---------- Available data

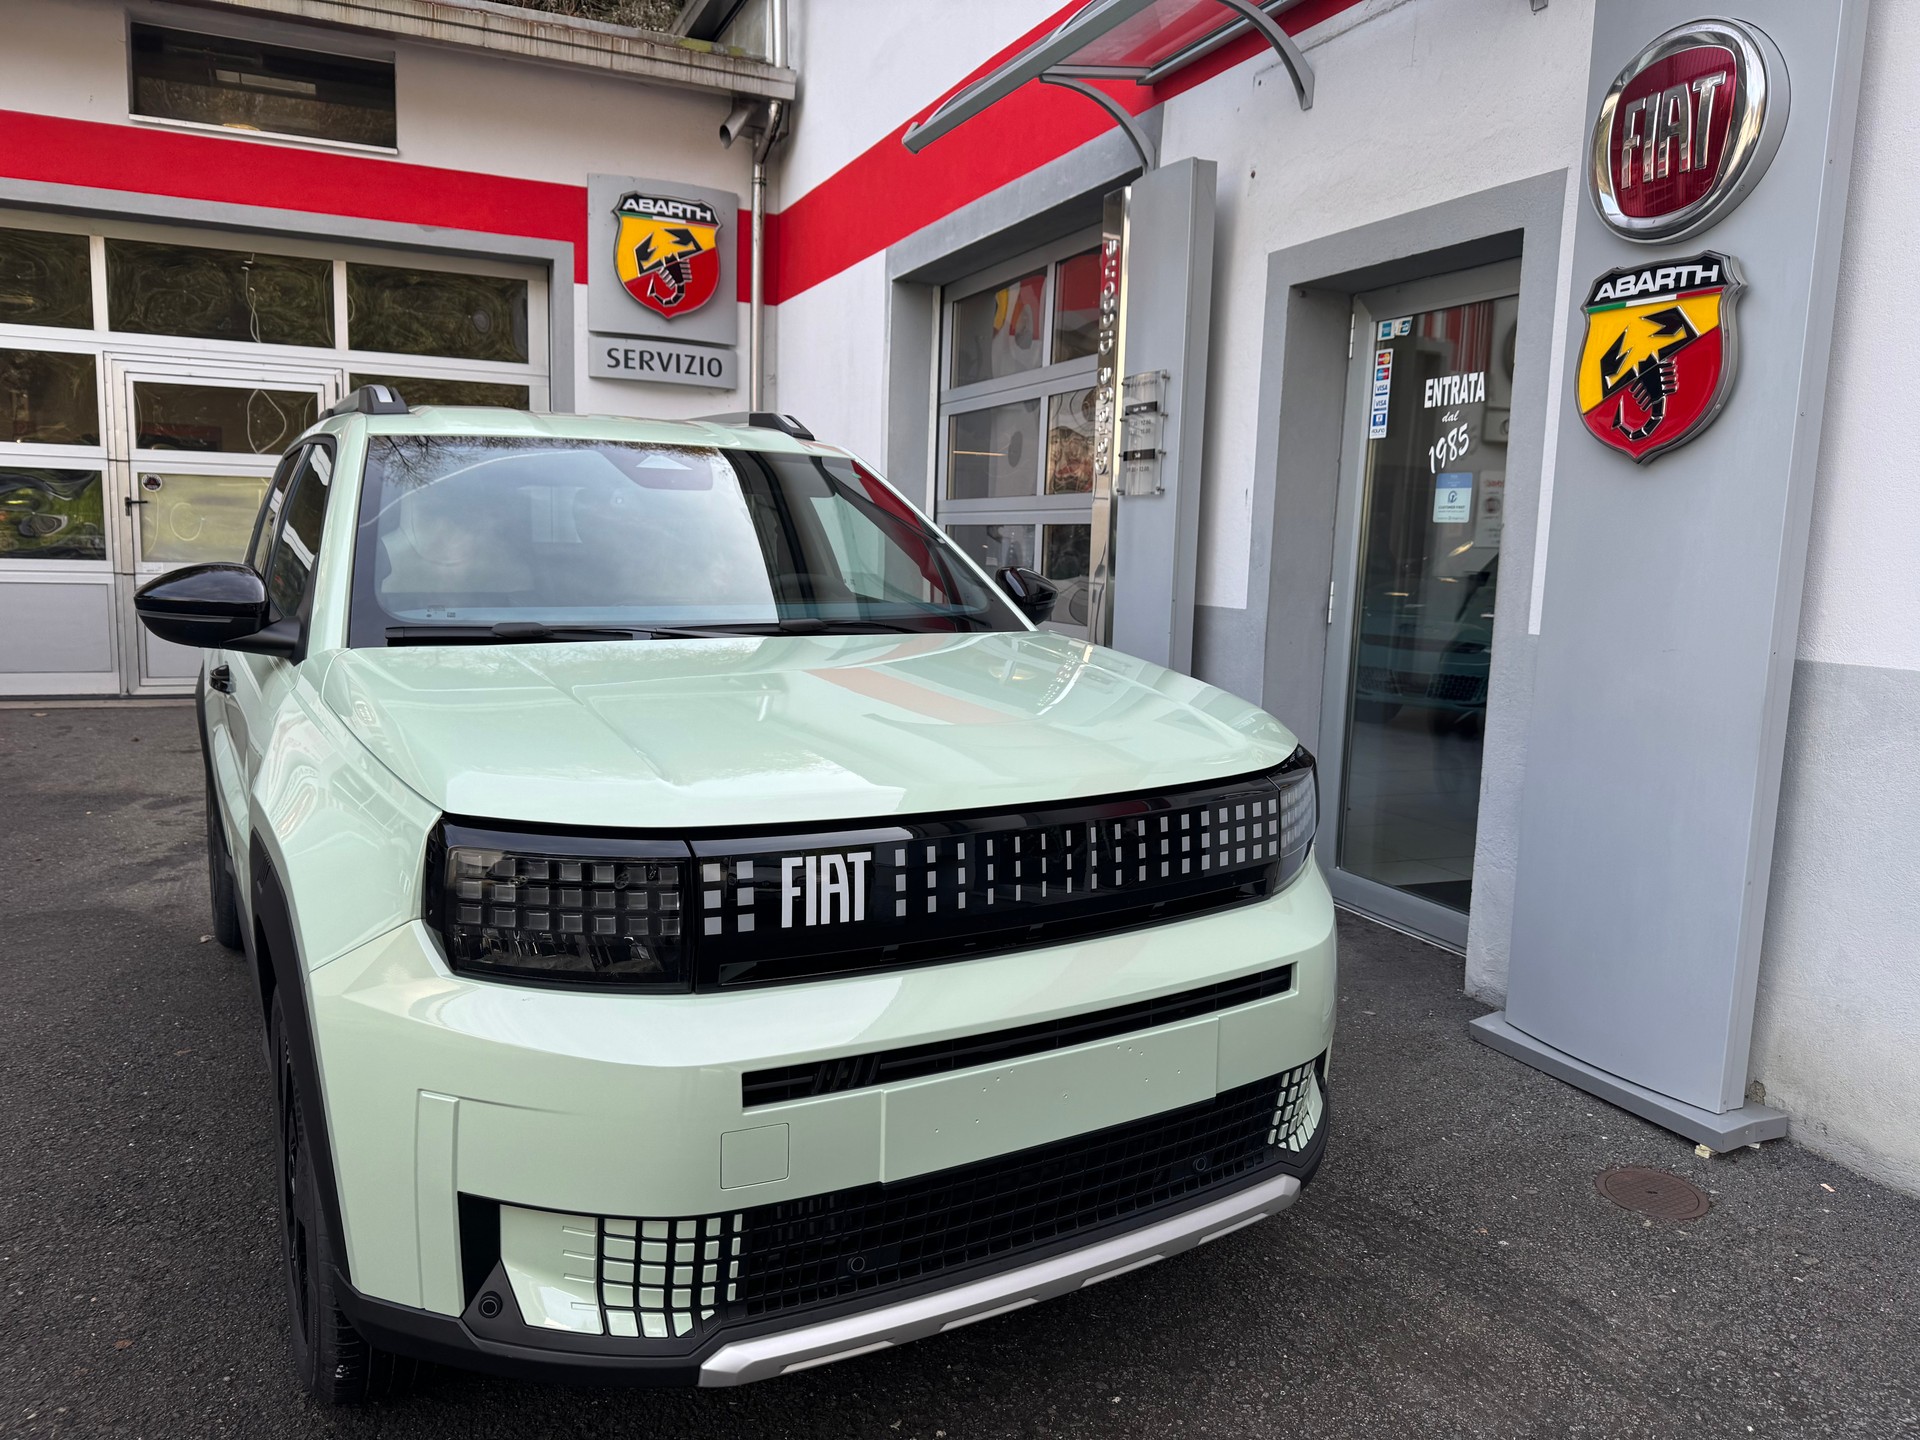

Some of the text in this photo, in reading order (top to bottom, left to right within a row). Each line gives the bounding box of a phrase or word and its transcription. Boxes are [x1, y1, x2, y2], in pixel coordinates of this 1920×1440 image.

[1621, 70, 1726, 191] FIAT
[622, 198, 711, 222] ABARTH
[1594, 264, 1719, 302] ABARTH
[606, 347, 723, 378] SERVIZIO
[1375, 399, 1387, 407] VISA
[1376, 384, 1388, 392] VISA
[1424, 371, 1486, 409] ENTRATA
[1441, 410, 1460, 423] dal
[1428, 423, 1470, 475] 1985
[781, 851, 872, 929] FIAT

--------------------

Each line of the data above must be reproduced as written. Skip the pictures.

Some of the text in this photo, in reading order (top to bottom, left to right within a row). Each line gives the bounding box of a phrase or word and its transcription. Boxes are [x1, y1, x2, y2], in pixel coordinates of this 1920×1440 image.

[1621, 70, 1726, 191] FIAT
[622, 198, 711, 222] ABARTH
[1594, 264, 1719, 302] ABARTH
[606, 347, 723, 378] SERVIZIO
[1375, 399, 1387, 407] VISA
[1376, 384, 1388, 392] VISA
[1424, 371, 1486, 409] ENTRATA
[1441, 410, 1460, 423] dal
[1428, 423, 1470, 475] 1985
[781, 851, 872, 929] FIAT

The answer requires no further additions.